■ Assignment
Here the job is to copy the data exactly and to exclude every image from it.

■ Input for this task
****

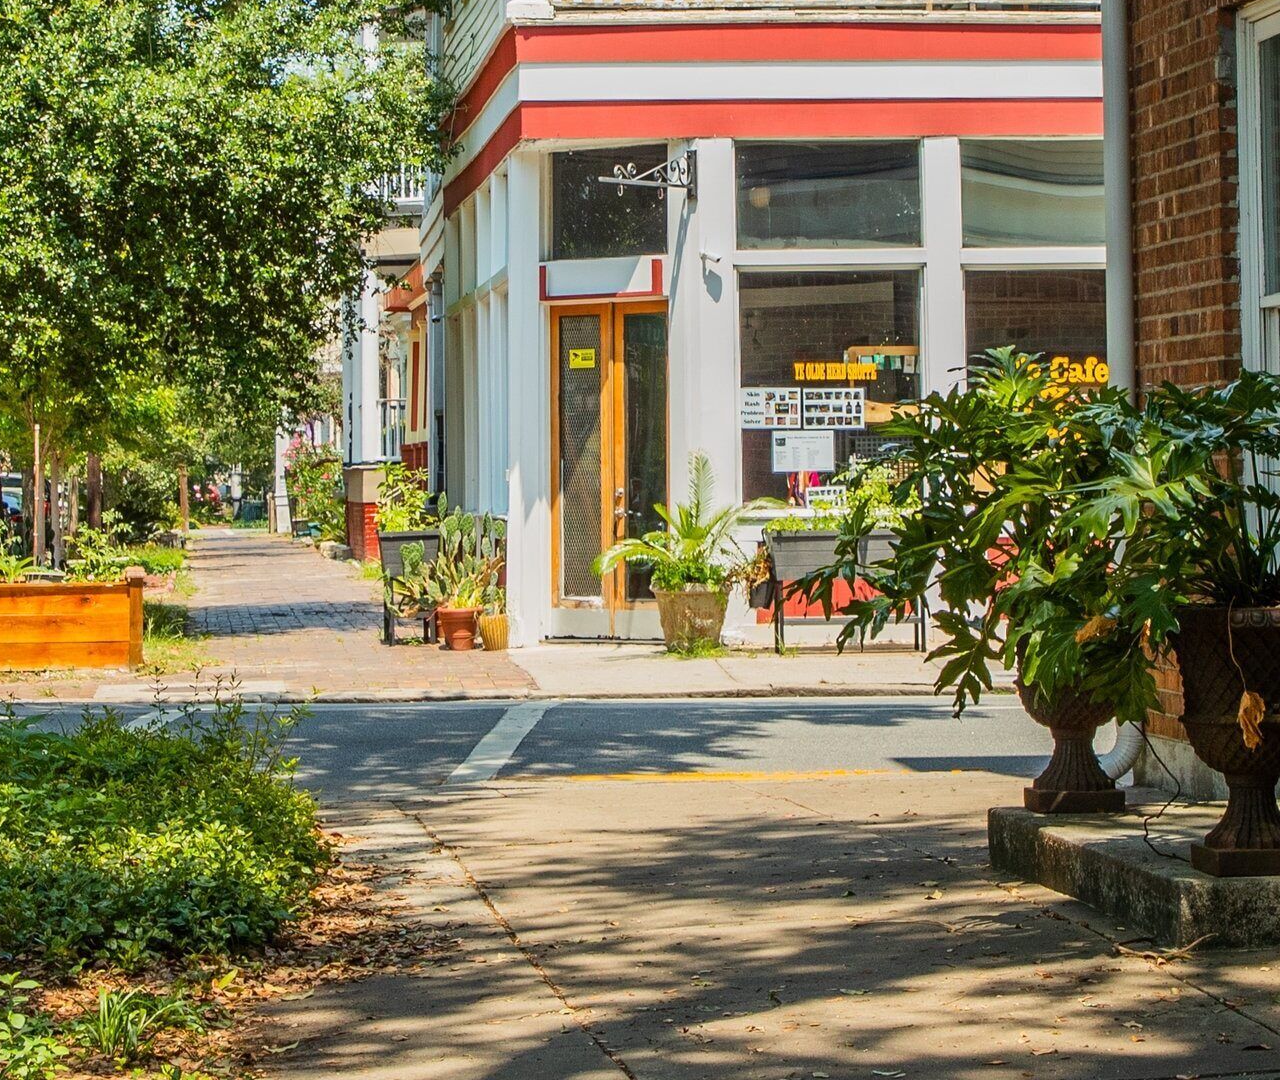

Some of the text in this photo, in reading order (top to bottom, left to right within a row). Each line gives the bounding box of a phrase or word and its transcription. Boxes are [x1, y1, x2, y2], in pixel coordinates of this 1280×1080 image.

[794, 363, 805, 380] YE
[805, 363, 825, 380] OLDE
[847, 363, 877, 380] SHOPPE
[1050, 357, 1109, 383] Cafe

****

■ Written answer
Some of the text in this photo, in reading order (top to bottom, left to right within a row). Each line gives the bounding box of a phrase or word and its transcription. Boxes are [x1, y1, x2, y2], in pixel coordinates of this 1280×1080 image.

[794, 363, 805, 380] YE
[805, 363, 825, 380] OLDE
[847, 363, 877, 380] SHOPPE
[1050, 357, 1109, 383] Cafe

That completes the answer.